Elaina was often in pain and alone. She didn’t know how to advocate for herself and didn’t want to ask the nurses for pain medication.

‘The doctors would often speak about [Elaina], including her condition and treatments, in front of her as though she could not hear them. My mother was not present during the majority of these incidents. This would often put [Elaina] in a state of anxiety and panic.’

Dakota said medical staff made no effort to communicate with Elaina at an appropriate level. They neglected to provide her mother with updates except once during an emergency procedure.

‘Many nurses appeared to not be adequately trained around intellectual disability and communication.’ Dakota gave an example of nurses always asking Elaina to stand. Elaina has never been able to stand but wasn’t able to communicate this effectively. Nurses kept intimating she was able to stand but was lazy.

When Elaina was discharged she still had fluid on her lungs. A nurse handed her mother the discharge papers to give to Elaina’s GP. They told her Elaina was booked for a follow-up lung scan.

Elaina needed a patient transport vehicle to take her home because she had lost her ability to mobilise.

At home Elaina continued to vomit.

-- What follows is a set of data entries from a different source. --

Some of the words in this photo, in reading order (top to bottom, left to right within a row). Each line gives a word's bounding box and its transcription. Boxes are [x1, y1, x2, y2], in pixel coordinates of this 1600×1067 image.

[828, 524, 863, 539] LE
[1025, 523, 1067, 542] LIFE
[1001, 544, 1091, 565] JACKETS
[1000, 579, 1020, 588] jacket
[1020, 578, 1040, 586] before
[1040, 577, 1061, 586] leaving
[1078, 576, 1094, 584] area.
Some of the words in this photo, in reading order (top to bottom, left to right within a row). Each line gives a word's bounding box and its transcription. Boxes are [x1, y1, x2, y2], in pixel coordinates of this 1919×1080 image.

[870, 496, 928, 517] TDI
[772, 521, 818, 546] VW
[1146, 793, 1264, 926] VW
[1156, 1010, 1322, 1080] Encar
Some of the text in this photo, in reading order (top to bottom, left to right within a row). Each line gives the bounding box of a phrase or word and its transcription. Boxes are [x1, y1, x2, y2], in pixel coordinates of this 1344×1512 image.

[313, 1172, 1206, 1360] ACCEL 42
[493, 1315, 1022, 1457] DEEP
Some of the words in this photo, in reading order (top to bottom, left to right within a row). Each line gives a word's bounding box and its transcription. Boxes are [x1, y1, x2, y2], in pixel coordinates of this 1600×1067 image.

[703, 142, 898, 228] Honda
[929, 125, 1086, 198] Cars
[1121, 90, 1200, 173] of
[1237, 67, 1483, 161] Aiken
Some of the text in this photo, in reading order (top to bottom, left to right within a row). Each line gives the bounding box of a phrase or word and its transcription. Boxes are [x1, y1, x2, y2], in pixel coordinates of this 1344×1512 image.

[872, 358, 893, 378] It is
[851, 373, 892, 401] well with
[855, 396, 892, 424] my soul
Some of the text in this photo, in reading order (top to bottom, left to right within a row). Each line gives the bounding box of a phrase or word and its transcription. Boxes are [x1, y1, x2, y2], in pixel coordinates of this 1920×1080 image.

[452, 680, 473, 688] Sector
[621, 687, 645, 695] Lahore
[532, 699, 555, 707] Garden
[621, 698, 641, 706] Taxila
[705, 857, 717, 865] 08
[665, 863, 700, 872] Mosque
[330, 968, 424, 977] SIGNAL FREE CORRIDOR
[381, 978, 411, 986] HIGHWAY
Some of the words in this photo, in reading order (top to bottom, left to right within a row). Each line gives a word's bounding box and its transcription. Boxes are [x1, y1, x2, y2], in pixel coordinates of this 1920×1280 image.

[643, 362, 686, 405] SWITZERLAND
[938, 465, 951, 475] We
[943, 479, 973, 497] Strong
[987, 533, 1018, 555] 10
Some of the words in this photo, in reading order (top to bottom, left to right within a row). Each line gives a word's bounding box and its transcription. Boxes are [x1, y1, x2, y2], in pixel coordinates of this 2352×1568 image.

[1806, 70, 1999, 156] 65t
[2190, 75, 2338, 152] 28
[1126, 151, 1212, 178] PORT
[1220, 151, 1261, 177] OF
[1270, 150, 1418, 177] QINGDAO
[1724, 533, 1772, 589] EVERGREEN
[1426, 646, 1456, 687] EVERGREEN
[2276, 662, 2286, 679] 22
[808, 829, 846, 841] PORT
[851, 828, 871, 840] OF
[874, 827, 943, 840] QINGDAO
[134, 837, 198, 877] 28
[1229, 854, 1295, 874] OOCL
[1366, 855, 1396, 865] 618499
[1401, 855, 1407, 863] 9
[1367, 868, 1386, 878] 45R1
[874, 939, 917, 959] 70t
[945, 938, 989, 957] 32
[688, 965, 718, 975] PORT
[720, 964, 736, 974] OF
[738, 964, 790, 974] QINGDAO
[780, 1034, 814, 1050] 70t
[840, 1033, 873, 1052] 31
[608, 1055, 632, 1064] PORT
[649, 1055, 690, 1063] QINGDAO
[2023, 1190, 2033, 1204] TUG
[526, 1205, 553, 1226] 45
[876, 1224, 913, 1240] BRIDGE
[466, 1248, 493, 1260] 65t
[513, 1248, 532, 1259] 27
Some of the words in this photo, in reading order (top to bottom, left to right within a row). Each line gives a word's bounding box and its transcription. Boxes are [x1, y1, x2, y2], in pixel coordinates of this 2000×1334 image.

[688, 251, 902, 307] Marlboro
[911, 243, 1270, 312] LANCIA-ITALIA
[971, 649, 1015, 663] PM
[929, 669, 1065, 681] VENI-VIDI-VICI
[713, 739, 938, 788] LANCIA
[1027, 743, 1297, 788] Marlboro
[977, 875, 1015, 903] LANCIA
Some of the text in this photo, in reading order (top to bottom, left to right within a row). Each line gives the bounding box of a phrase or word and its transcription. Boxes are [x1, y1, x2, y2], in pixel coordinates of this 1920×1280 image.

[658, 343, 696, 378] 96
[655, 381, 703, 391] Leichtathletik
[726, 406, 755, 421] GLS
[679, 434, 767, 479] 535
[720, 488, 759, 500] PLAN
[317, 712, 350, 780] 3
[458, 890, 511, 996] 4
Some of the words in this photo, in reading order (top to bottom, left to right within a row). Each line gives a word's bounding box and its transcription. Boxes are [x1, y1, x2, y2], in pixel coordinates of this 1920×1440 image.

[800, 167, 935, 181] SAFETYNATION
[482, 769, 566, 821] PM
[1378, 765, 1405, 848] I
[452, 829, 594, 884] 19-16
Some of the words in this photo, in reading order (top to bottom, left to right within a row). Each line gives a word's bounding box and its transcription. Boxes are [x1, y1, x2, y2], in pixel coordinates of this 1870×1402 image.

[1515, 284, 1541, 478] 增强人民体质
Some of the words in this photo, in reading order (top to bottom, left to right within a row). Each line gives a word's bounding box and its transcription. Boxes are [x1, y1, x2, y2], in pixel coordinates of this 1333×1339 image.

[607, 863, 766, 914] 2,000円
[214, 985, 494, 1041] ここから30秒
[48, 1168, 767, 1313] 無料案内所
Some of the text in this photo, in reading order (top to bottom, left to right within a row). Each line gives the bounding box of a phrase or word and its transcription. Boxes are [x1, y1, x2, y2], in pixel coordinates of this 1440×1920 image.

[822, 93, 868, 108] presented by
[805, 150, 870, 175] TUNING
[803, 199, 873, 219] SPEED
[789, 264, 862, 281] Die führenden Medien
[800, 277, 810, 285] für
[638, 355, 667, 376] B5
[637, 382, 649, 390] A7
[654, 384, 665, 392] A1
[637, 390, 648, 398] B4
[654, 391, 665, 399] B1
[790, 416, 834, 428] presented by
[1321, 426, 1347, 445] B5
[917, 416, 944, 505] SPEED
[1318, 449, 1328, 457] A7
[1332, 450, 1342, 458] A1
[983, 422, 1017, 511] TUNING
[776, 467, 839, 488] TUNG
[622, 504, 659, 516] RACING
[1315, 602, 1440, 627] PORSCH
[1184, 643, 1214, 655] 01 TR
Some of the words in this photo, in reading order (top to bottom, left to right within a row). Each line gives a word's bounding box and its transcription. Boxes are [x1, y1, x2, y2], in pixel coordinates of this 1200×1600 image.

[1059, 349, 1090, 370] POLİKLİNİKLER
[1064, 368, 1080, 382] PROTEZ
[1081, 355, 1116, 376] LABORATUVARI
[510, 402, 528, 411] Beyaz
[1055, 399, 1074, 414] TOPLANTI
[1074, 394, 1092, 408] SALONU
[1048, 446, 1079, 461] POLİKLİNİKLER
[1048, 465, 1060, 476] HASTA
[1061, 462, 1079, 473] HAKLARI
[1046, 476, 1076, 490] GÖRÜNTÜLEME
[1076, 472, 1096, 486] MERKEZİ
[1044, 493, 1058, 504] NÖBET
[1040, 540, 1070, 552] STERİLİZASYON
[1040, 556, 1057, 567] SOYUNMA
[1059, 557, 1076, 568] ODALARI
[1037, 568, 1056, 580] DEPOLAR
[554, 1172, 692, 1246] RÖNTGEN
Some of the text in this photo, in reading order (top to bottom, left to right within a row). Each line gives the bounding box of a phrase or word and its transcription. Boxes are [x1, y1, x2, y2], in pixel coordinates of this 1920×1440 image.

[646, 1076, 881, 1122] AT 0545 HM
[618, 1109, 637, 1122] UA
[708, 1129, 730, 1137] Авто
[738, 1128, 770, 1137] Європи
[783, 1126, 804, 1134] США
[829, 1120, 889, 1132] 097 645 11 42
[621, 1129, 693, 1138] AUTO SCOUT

Her mother asked the doctors about this when Elaina went for her lung scan.

‘The doctors assured my mother that this was a part of the normal recovery process for acute pancreatitis. She was further informed the fluid on her lungs had disappeared.’

Two weeks later Elaina’s mother found her in bed. She was unresponsive.

Elaina died in hospital two days later.

At the time medical staff told the family Elaina’s death was unrelated to the pancreatitis. However Dakota said the death certificate lists ‘necrotising pancreatitis as a contributing factor to her death’.

‘We feel as though we are hitting our heads against a brick wall with trying to get answers as to how and why [Elaina] suddenly died from septic shock caused by the very thing she was supposedly “recovering” from.’

They want to know if Elaina was treated differently because of her disability.

‘We hope for and deserve such answers.’

Dakota said intellectual disability should not be a barrier to equal health care in Australia.